Activated Charcoal Latte

Does It Make You Slim?

Is a question asked me someone, after the person saw the I began blog with scientific topics. This someone apparently got a lot of ads for activated charcoal latte, which is also called Black Latte here in Germany.
A few months ago, when I got the question, I went on PubMed and searched for papers regarding this topic…
Tl;dr I didn’t find any! 😀
However this doesn’t mean that there aren’t any. And in no case it means that it doesn’t.

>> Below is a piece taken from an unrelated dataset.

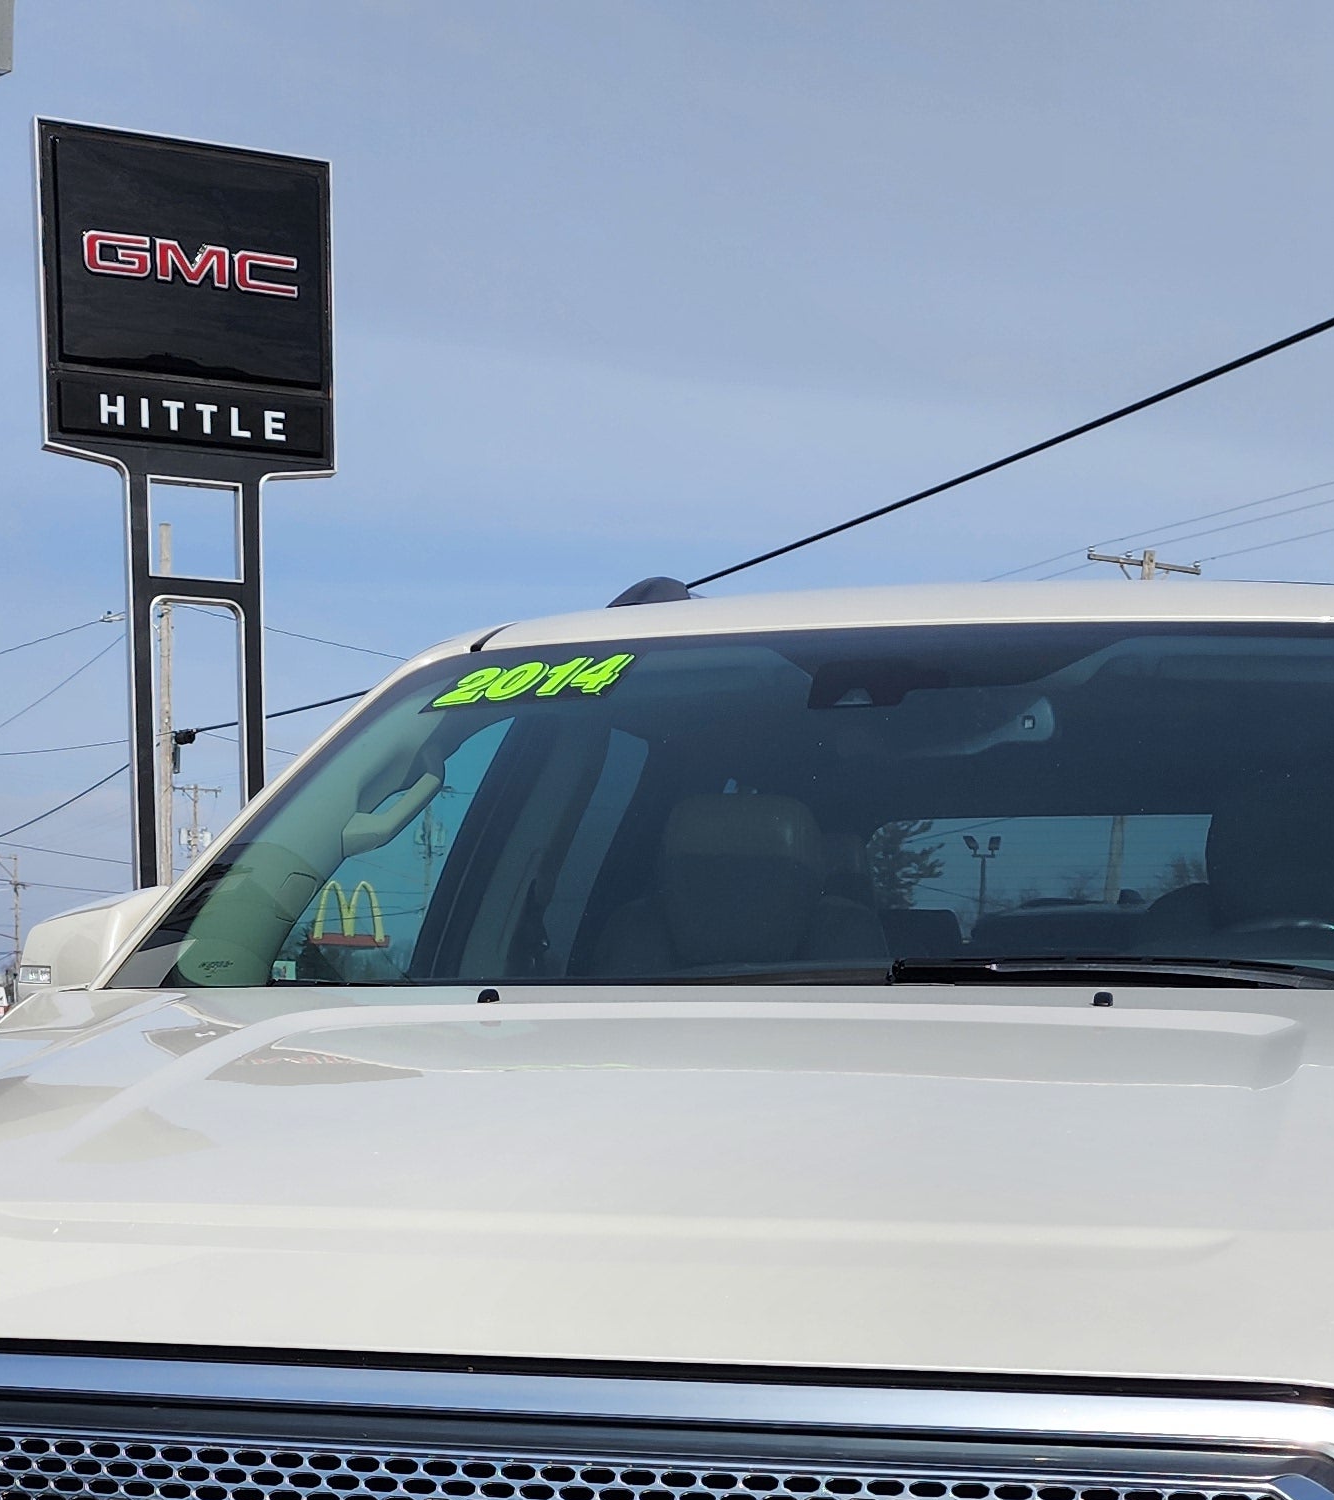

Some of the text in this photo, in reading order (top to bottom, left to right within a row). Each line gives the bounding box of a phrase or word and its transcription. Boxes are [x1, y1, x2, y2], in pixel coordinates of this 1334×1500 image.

[82, 229, 298, 298] GMC
[99, 393, 287, 441] HITTLE
[431, 653, 635, 708] 2014

A picture of an empty coffee cup, which didn't contain Activated Charcoal Latte
A picture of a coffee cup I took. The beverage was coffee, not activated charcoal latte however

But! It seems, that there is some evidence from around the 80s and 90s, that activated charcoal can reduce LDL-cholesterol (the bad one) in patients with high blood cholesterol(10.1016/S0140-6736(86)90054-1). Neuvonen et al even postulated a mechanism behind this effect(10.1111/j.1365-2362.1989.tb00226.x).

Sounds nice doesn’t it? Maybe not as nice as getting slim, but still nice. Well… Unless you consider some of the adversary effects of it. According to webMD it can e.g. cause constipation and reduce the absorption of some nutrients. So you probably shouldn’t take it, including activated charcoal latte, as a regular supplement, unless your doctor tells you to.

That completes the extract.